We laid our beloved Woodson in the ground at the height of the coronavirus pandemic, August 2020. Like all people who allow dogs into their lives and their hearts, we grieved. Quietly and privately, in big waves and in little moments. Some days I would call out, "Going out for a little walk," but my destination was a beeline to that spot past the barn and under the big oak tree where our former child movie star lay beneath three feet of Pennsylvania earth. It just felt comforting to stand there with him.
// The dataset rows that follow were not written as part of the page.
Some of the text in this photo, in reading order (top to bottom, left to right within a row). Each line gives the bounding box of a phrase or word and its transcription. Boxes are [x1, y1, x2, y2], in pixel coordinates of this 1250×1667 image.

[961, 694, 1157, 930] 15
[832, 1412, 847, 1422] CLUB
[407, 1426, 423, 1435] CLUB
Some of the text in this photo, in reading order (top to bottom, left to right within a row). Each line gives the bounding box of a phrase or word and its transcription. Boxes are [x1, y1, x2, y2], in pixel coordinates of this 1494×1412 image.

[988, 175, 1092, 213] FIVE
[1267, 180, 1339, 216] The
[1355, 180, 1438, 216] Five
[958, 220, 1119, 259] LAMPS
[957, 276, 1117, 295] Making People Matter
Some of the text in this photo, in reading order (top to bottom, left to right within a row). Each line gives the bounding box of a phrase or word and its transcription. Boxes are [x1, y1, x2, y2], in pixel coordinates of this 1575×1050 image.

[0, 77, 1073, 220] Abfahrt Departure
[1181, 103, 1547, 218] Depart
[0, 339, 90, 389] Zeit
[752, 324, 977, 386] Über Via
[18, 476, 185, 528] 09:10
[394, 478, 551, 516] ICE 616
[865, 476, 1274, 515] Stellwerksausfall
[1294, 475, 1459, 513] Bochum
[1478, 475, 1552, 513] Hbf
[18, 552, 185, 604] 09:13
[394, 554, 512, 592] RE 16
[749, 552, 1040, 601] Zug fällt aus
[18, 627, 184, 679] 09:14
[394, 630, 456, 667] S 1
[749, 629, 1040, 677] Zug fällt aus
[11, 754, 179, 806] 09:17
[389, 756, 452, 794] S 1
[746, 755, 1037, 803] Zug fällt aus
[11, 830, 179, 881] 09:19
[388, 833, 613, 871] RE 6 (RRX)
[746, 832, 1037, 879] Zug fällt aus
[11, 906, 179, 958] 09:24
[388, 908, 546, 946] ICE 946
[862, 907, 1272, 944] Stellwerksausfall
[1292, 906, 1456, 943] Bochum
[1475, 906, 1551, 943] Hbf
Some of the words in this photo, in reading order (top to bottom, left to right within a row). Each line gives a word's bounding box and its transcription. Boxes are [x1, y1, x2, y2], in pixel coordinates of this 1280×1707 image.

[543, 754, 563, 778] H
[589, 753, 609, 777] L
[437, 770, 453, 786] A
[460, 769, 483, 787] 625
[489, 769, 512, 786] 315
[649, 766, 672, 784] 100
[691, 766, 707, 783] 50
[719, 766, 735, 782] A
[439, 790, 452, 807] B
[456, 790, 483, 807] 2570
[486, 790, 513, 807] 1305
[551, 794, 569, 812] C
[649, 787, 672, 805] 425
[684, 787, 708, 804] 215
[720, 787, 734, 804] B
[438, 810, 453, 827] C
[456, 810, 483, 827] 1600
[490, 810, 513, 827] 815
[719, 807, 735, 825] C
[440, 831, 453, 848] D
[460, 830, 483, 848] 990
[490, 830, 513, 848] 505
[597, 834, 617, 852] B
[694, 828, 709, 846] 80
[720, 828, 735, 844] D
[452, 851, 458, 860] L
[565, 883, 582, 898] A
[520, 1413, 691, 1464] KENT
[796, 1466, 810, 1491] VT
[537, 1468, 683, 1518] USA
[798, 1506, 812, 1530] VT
But by the fall of that year, we were itching for a puppy to bring home, not just to fill the void in our lives but in Wallace’s life, too. Since the loss of his lifelong companion, our aging Lab had grown lethargic, lazy, dare I say depressed? He greeted each morning with a sort of stoic sadness that kind of broke our hearts like shattered porcelain. And so in mid-November we made the three-hour drive to Endless Mountain Labradors, a family breeder in north-central Pennsylvania, and returned home with the newest member of our canine clan, and arguably the most magnificent: Louie. He quickly grew to 101 pounds of rippling muscle, so powerful he accidentally sent both Jenny and me to emergency rooms with sprains and bruises. But even when he was still a tiny pup, he displayed big-dog alpha confidence. Fearless from the start, he soon convinced 10-year-old Wallace that there was a new sheriff in town, and our beta senior boy would quietly slink away and give up his food bowl to the new interloper. We put a quick end to that, but the die was cast and even as they became inseparable it was with a mutual agreement on the new pecking order. Louie, as they say, is a lot of dog. He is also a joy and a goofball and a wonderful companion, seldom letting us out of his sight. Welcome to the family, Louie.